I’m kind of stumped that people are arguing about the definition of “diner”.
Wait a minute. Am I getting this right? You folks actually feed your teenagers?
Good point, you guys. Feeding teenagers just habituates them to humans. It’s dangerous for them as they can become nuisances or even mankillers.
Which is why I place the blame on mom. If she’s been out with her daughter, she should be able to gauge what kind of mood she’s in: piss poor or Miss Congeniality. Even if she can’t judge 100% accurately, say “We’re near Sahirrnee’s house. Let’s invite her to lunch. We could go to Diner A or Place B.”
Teenager says “Place B. Diner’s suck” and mom calls “Would you like to go to Place B with us?”
OR
Teenager says “I don’t care.” and mom calls “Would you like to go to A or B with us?” Then it’s guest’s call and teenager is reminded she didn’t care if she objects.
OR
Teenager shrugs and mumbles and hunches over phone so mom says “Why don’t I drop you at home? Or at the nearest bus stop. I’m going out to lunch with Siahirrnee. Please start a load of laundry when you get home.”
Um, no that wasn’t the case at all. Nice try though.:rolleyes:
Oh I’ll bet that at some point on this board there was a lesbian mom whose progeny was dissatisfied with the way s/he was being raised. This happens all the time to every kind of parent. I have no idea specifically who Urbanredneck was referring to, but I’m fairly sure it’s happened.
I had never realized that there is a difference over diners between lesbian mom’s and non-lesbian moms. Once again, the SDMB has fought ignorance.

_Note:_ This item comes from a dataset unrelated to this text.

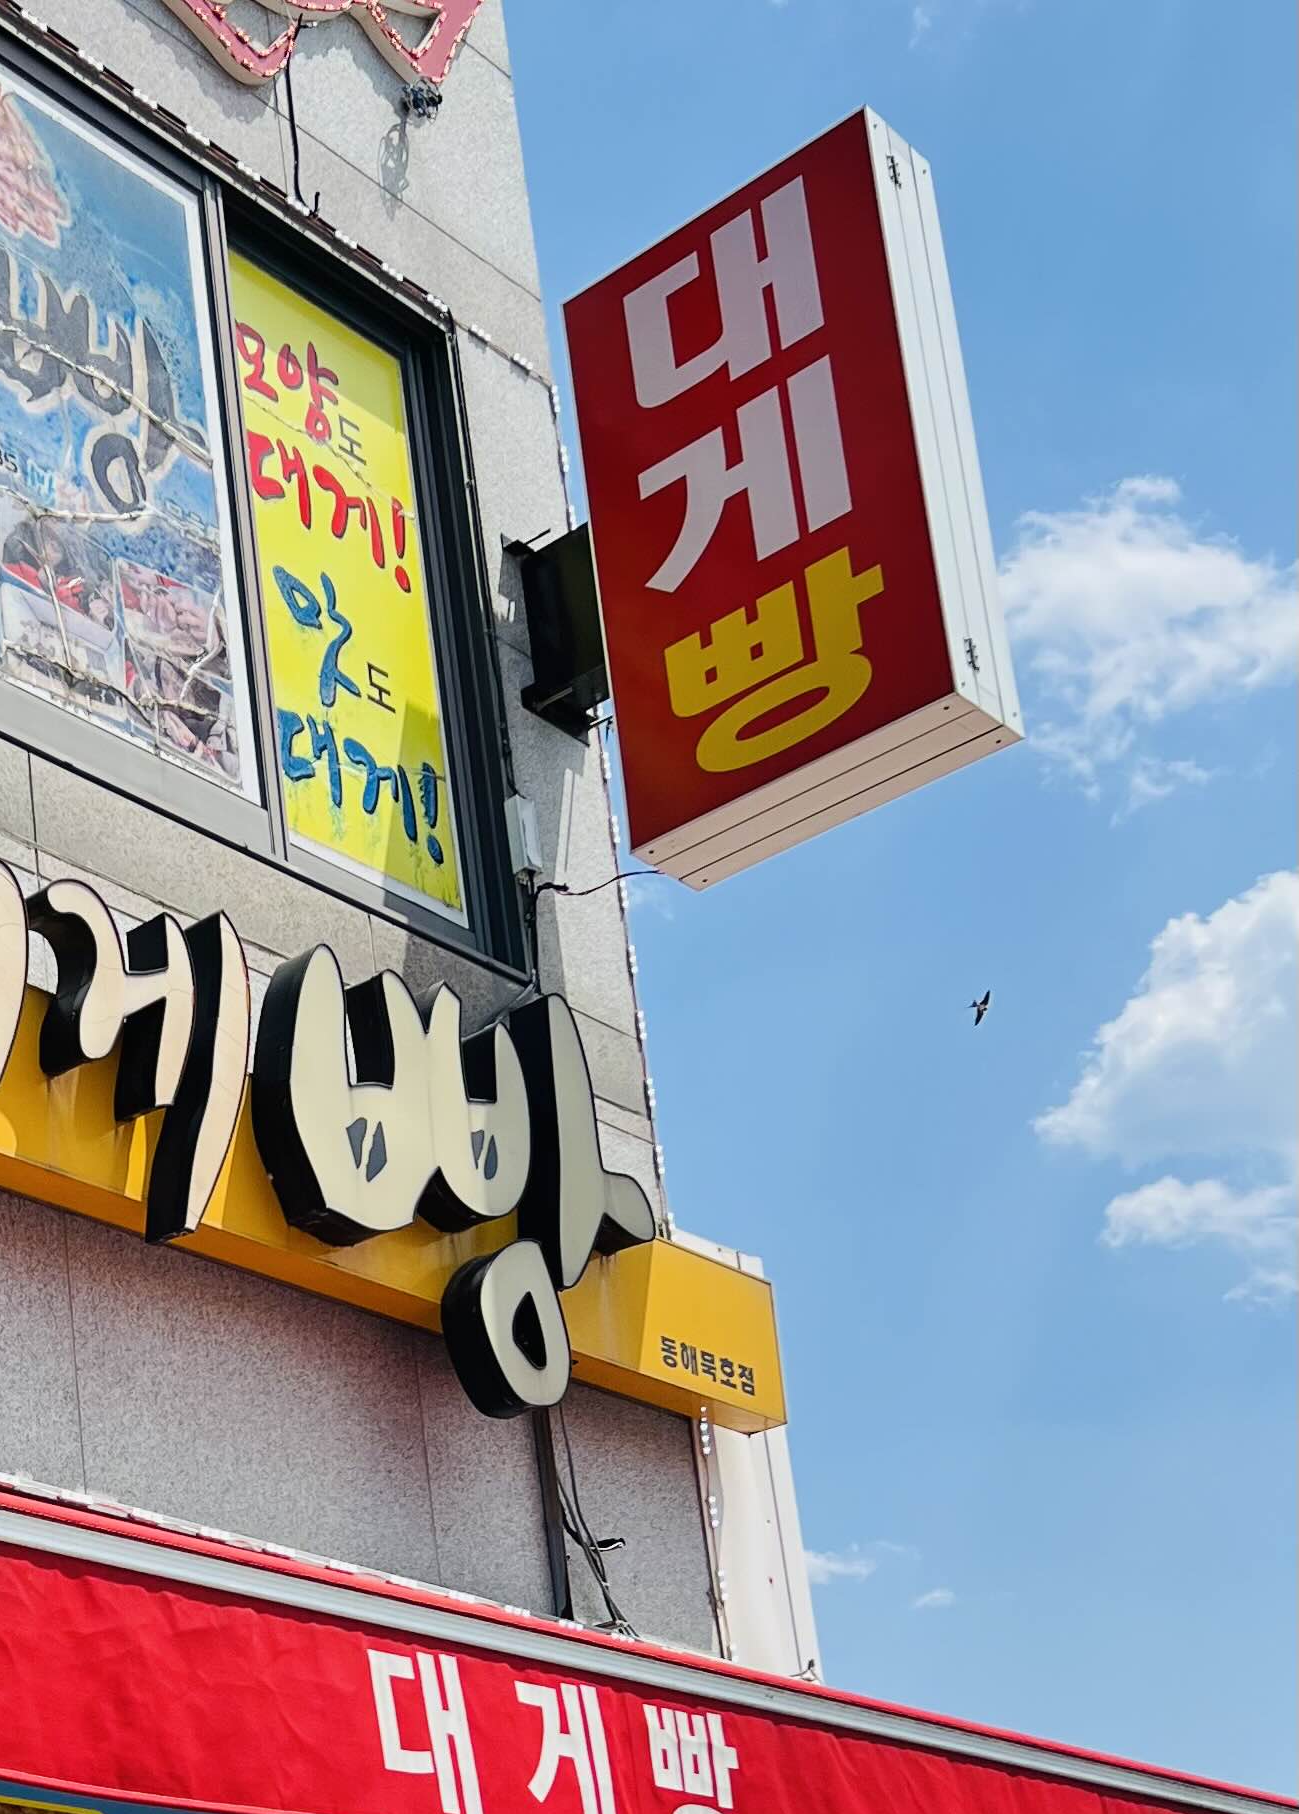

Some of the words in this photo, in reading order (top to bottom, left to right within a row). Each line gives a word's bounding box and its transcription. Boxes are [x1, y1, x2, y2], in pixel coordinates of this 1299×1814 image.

[248, 432, 411, 593] 대게!
[623, 175, 884, 773] 대게빵
[278, 708, 443, 865] 대게!
[661, 1335, 755, 1396] 동해묵호점

Don’t jump to conclusions! Maybe the difference is between lesbian moms, and lesbians who have no children. Ever think of that?
I do, and his summary is inaccurate. The kid forgot Mother’s Day. Some people in the thread came up with the idea that maybe the kid didn’t like the way he was being raised. Seems far more likely that it’s because he’s a normal teen.

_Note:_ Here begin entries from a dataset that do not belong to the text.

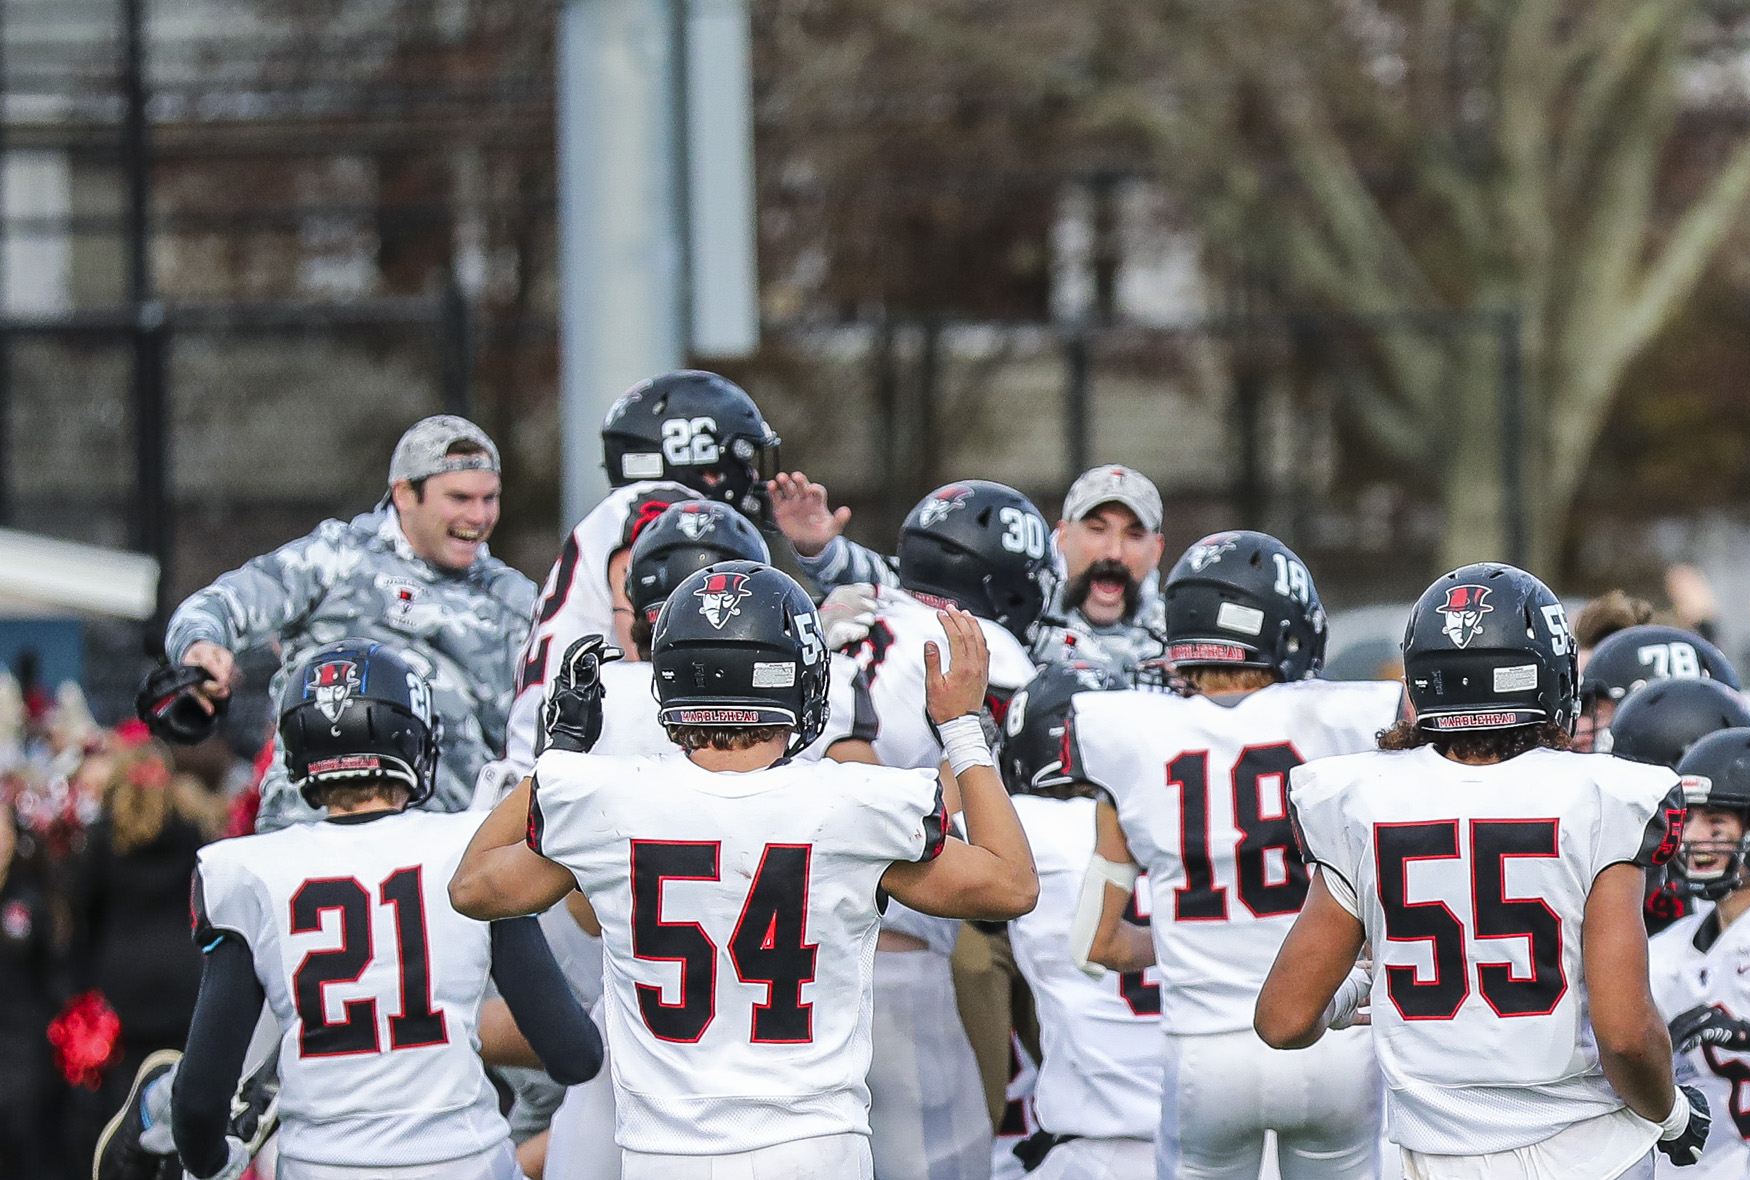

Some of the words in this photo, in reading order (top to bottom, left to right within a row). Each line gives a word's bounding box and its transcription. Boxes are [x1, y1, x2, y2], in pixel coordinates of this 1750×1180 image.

[661, 416, 719, 466] 22
[999, 506, 1045, 559] 30
[1637, 642, 1700, 680] 78
[681, 711, 759, 723] MARBLEHEAD
[1438, 713, 1517, 729] MARBLEHEAD
[1165, 741, 1310, 921] 18
[630, 838, 819, 1044] 54
[1373, 817, 1569, 1021] 55
[289, 864, 450, 1059] 21

It was a messy thread, so I won’t say any more.
Pretty sure it’s the “My 16yo son ignored Mother’s Day” thread in the pit.

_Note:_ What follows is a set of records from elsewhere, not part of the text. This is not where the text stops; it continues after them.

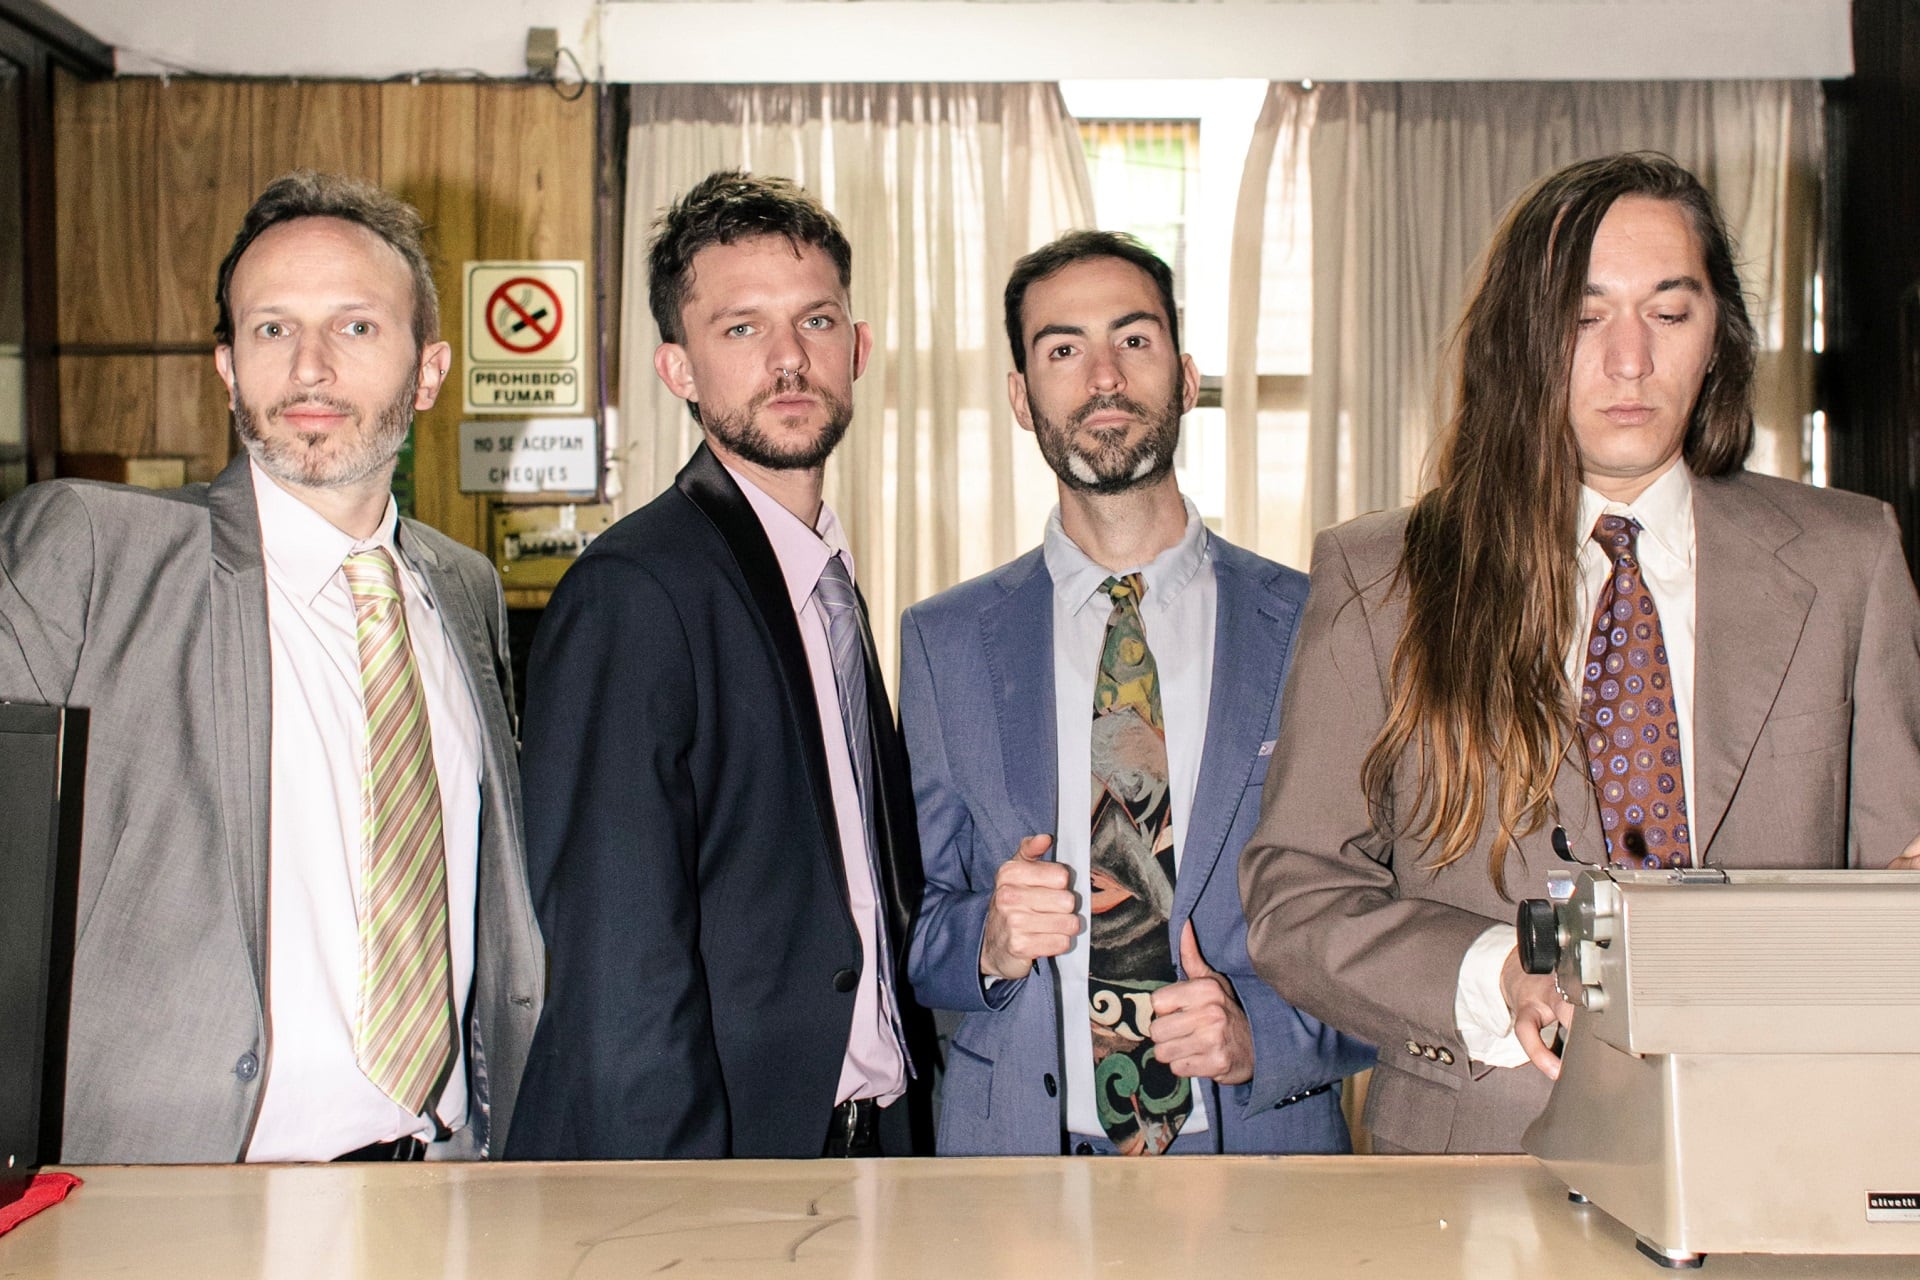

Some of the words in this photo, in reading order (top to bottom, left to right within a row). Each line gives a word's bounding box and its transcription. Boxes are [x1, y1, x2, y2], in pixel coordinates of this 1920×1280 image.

[475, 373, 573, 385] PROHIBIDO
[494, 390, 555, 402] FUMAR
[474, 437, 493, 452] NO
[498, 436, 514, 451] SE
[488, 467, 567, 483] CHEQUES
[1871, 1198, 1916, 1207] olivetti

Regarding the OP: I’m voting at least 30% grumpy old lady, since the situation could have been better handled by all. What I personally have found works on 90% of whining and incipient temper tantrums on kids over about 3, is to talk to them and listen to their answers. Get in there before it turns into a federal case, and turn it into a conversation instead. Even very young children can respond to this. In my experience the worst whiners are those who know that their parents won’t listen to them or consider their preferences unless they make a huge scene.
At the point when Daughter said “I don’t like diiiiiiiiiiners!”, Sahirrnee could have asked, in a way that indicated that she was actually going to listen, “Why not? Have you ever eaten at a really good diner? This place does a fabulous shrimp salad on toast, you should totally try it.” This wouldn’t have had any political fallout as a criticism of Mom’s parenting or whatever, it would have encouraged a calmer discussion of the issue, and it would have had an excellent chance of derailing any further whining.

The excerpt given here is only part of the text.